Big Other

Christian Bless – En 1973, retenons bien cette date, mille neuf cent soixante-treize, Jean Raspail publiait Le Camp des Saintsqui sera suivi  de plusieurs autres éditions jusqu’à celle du mois de janvier 2011 enrichie d’une importante préface de l’auteur intitulée Big Other. Sans aucun doute, ce livre prophétique compte parmi les plus importants ouvrages publiés dans le dernier quart du XXe siècle, bien avant Soumission de Michel Houellebecq.

    Laissons Jean Raspail nous dire la genèse de ces pages : « De la bibliothèque où je travaillais, on ne voyait, à cent quatre-vingt degrés, que la mer et le grand large, si bien qu’un matin, le regard perdu au loin, je me dis : « Et s’ils arrivaient ? » Je ne savais pas qui étaient ces ils, mais il m’avait paru inéluctable que les innombrables déshérités du Sud, à la façon d’un raz de marée, allaient un jour se mettre en route vers ce rivage opulent, frontière ouverte de nos pays heureux. C’est ainsi que tout a commencé. » Ce roman a été écrit entre1971 et 1972. Il rejoint, avec quelque 50 années d’avance, notre quotidien tous les jours plus violent et la préoccupation croissante de ceux que l’idéologie, la lâcheté ou les intérêts n’aveuglent pas.

    Il faut, bien sûr, lire, ou relire, ce roman dont chaque page dit notre actualité tragique mais il faut méditer très attentivement la préface dense qui, paragraphe après paragraphe, raconte notre quotidien, l’immense submersion de nos sociétés par des populations allogènes, de culture, de mœurs et de religion radicalement différentes et n’ayant pas la moindre intention de s’intégrer au long développement de l’histoire européenne et de sa culture mais, bien au contraire, d’imposer ses propres traditions contre lesquelles les différentes nations composant le continent européen ont résisté intellectuellement et spirituellement, souvent le armes à la main, versant leur sang pour défendre un ensemble civilisationnel sans pareil, vieux de quelque 3000 ans.

    Le lecteur tant du roman que de la préface sera frappé de l’actualité de ces textes ; souvent, lisant tel ou tel anecdote ou dialogue il croira lire le journal du jour. Mais c’est sur le titre de cette préface que nous souhaiterions attirer l’attention. Big Other.

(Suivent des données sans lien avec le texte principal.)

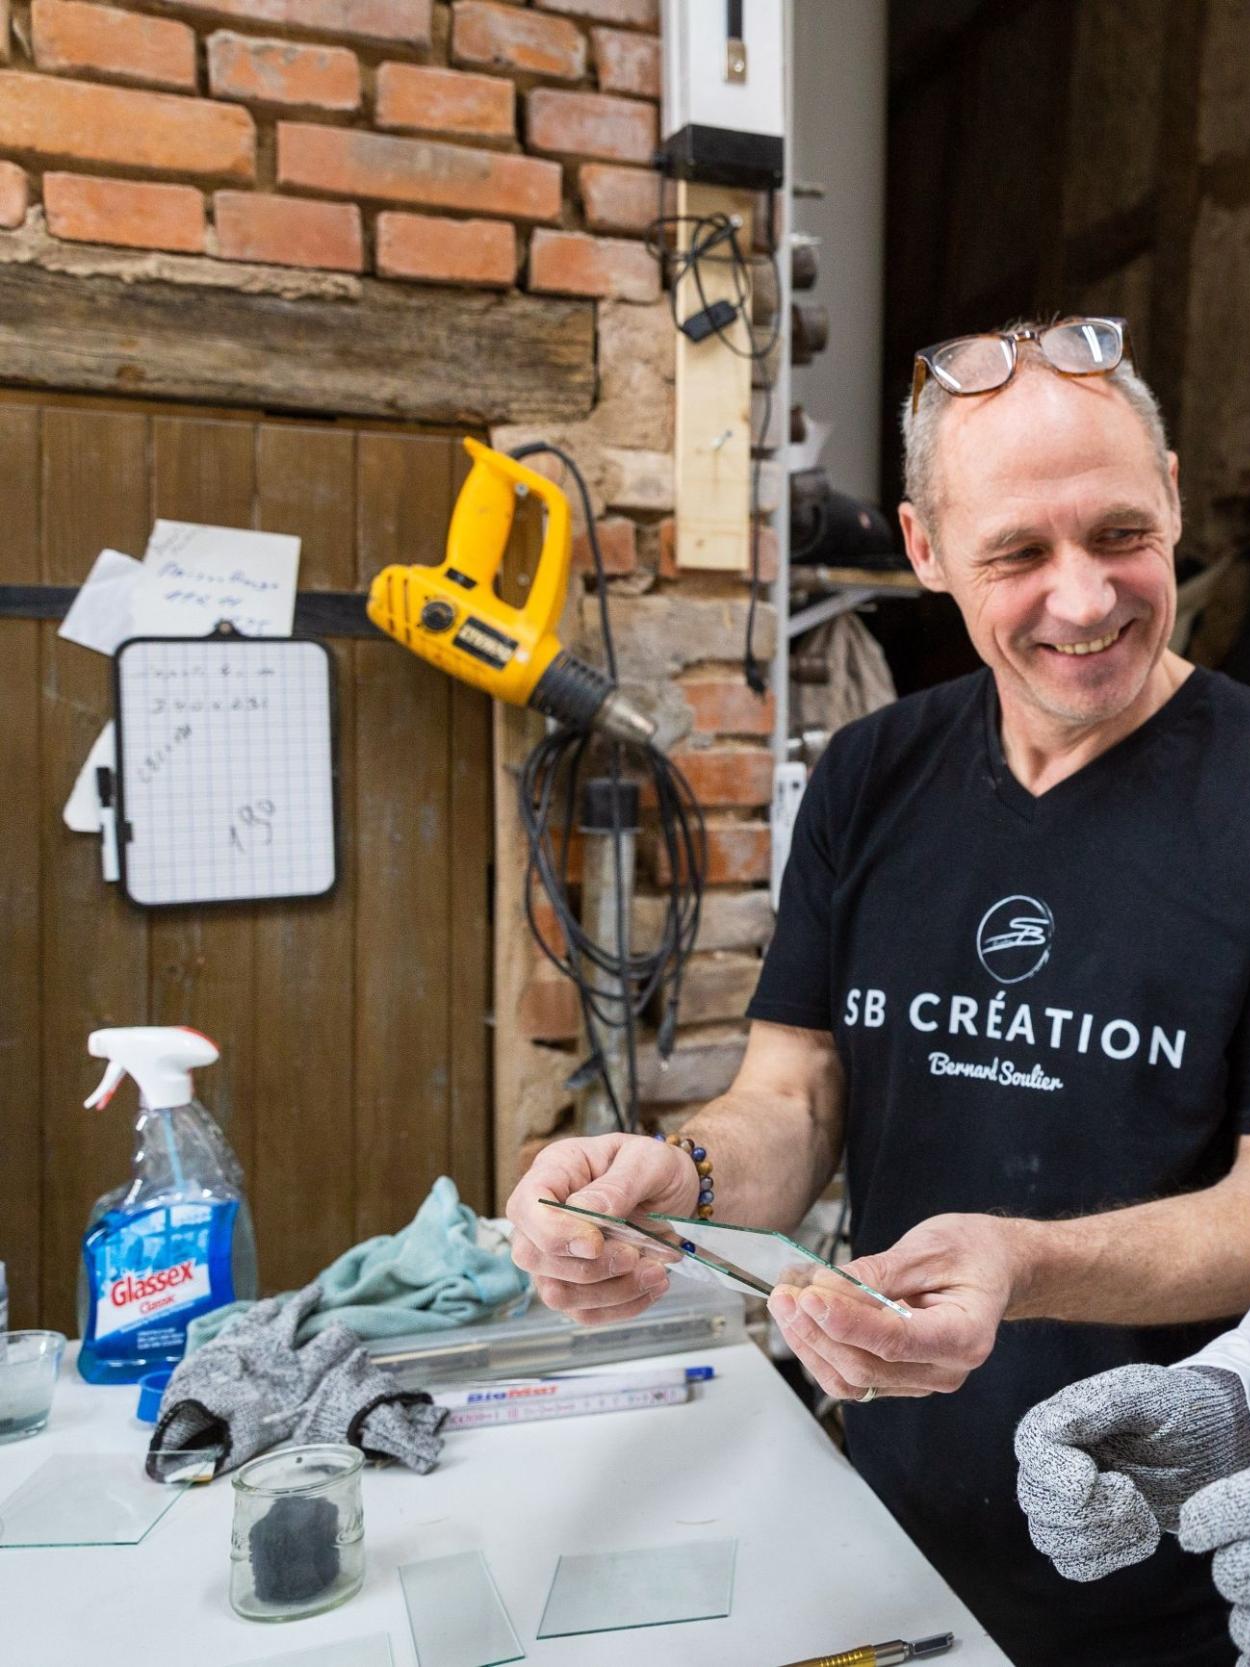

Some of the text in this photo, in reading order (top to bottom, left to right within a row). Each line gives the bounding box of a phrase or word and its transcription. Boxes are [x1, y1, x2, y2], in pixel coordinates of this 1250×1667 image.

    La loi naturelle, le simple bon sens, la charité chrétienne nous enjoignent d’ « aimer notre prochain », celui qui nous est proche physiquement, évidemment, mais également familialement, professionnellement, culturellement, intellectuellement, spirituellement. L’Evangile de Saint Marc nous en fait un devoir « Tu aimeras ton prochain comme toi-même ». Ce deuxième commandement est étroitement lié au premier qui fonde la Loi : « Tu aimeras le Seigneur, ton Dieu, de tout ton cœur, de toute ton âme, de tout ton esprit, de toute ta force ».  Cette injonction d’aimer son prochain est d’ailleurs complétée et ordonnée par un autre commandement, le 4ème, qui nous fait un devoir d’honorer nos parents, par nature ce sont eux qui nous sont les plus proches. Ce devoir fonde la vertu de piété filiale comme l’a abondamment illustré Jean Madiran au travers de son œuvre. Ce sont les nôtres dans leur réalité infiniment diverse, concrète et non pas l’autre, anonyme, lointain, virtuel.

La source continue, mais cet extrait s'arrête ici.